• Work order
Would you repeat the whole listing exactly, pictures excluded?

• The records
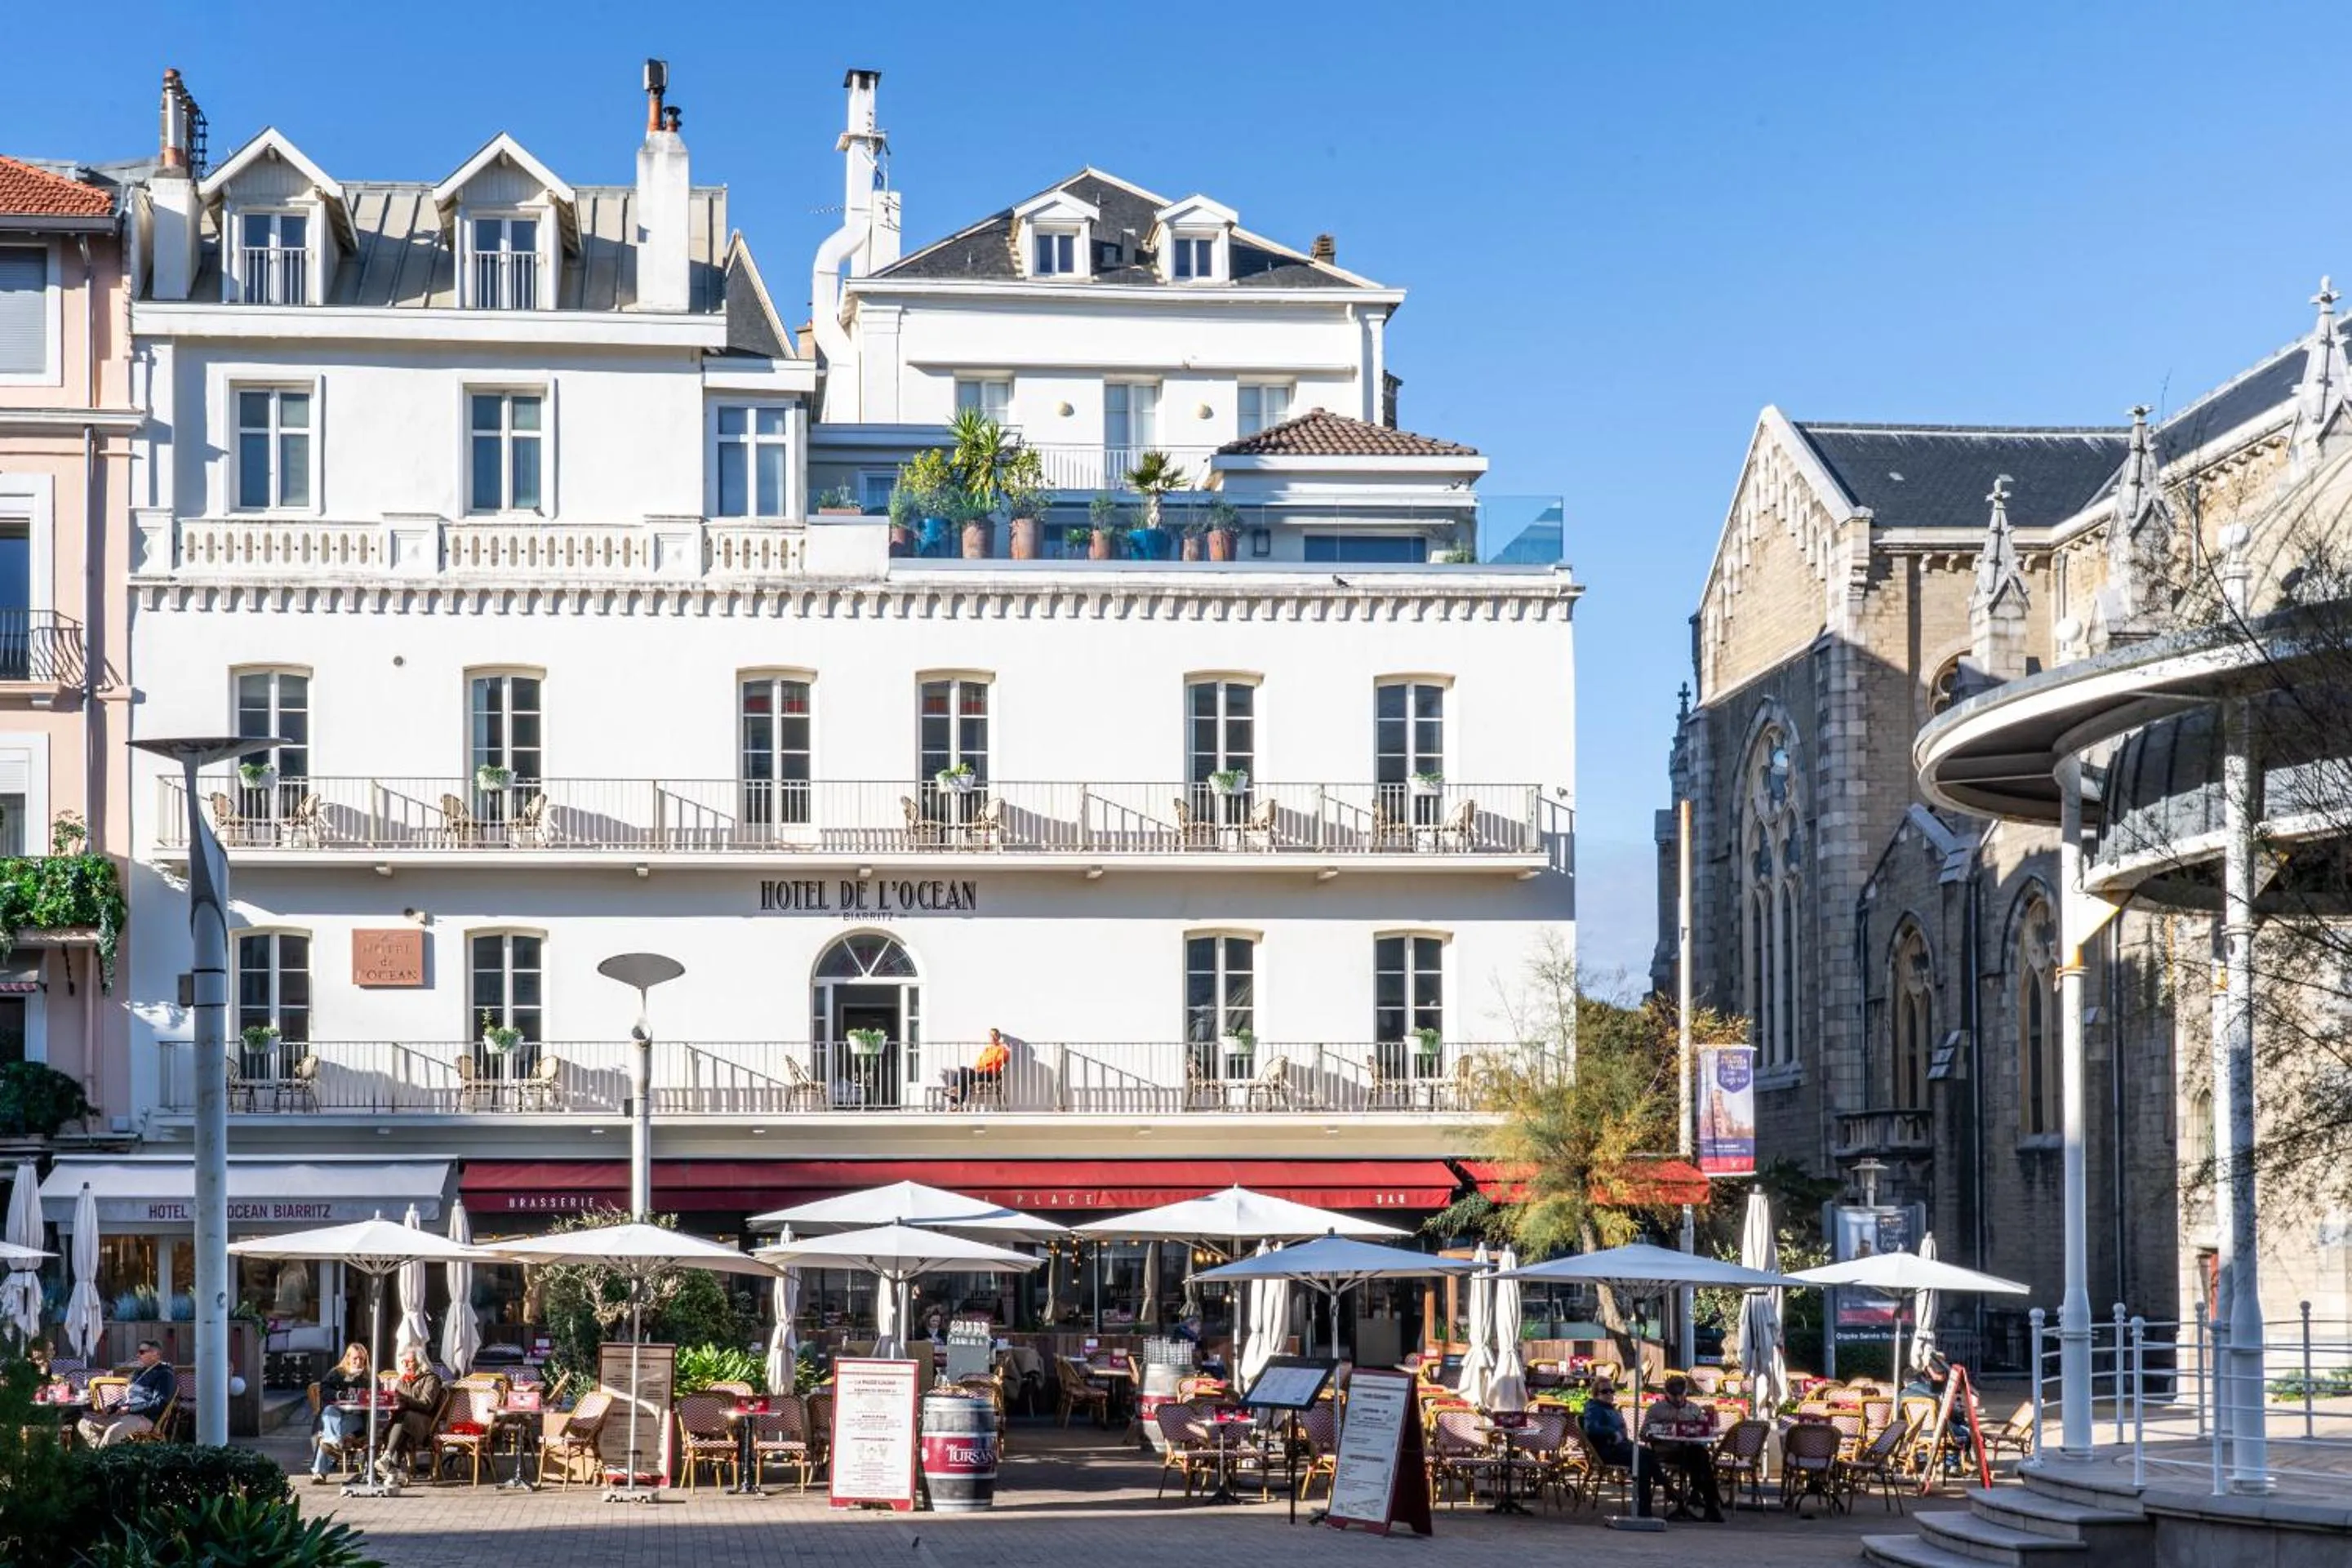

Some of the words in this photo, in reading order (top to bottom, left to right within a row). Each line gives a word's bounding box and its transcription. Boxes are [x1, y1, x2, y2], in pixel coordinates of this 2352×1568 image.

[760, 881, 830, 910] HOTEL
[839, 881, 869, 910] DE
[878, 880, 977, 910] L'OCEAN
[843, 913, 893, 922] BIARRITZ
[509, 1197, 594, 1208] BRASSERIE
[1016, 1194, 1092, 1205] PLACE
[1376, 1194, 1405, 1204] BAR
[148, 1204, 189, 1219] HOTEL
[273, 1204, 331, 1219] BIARRITZ
[945, 1444, 994, 1464] TURSAN

• Worked solution
Some of the words in this photo, in reading order (top to bottom, left to right within a row). Each line gives a word's bounding box and its transcription. Boxes are [x1, y1, x2, y2], in pixel coordinates of this 2352×1568 image.

[760, 881, 830, 910] HOTEL
[839, 881, 869, 910] DE
[878, 880, 977, 910] L'OCEAN
[843, 913, 893, 922] BIARRITZ
[509, 1197, 594, 1208] BRASSERIE
[1016, 1194, 1092, 1205] PLACE
[1376, 1194, 1405, 1204] BAR
[148, 1204, 189, 1219] HOTEL
[273, 1204, 331, 1219] BIARRITZ
[945, 1444, 994, 1464] TURSAN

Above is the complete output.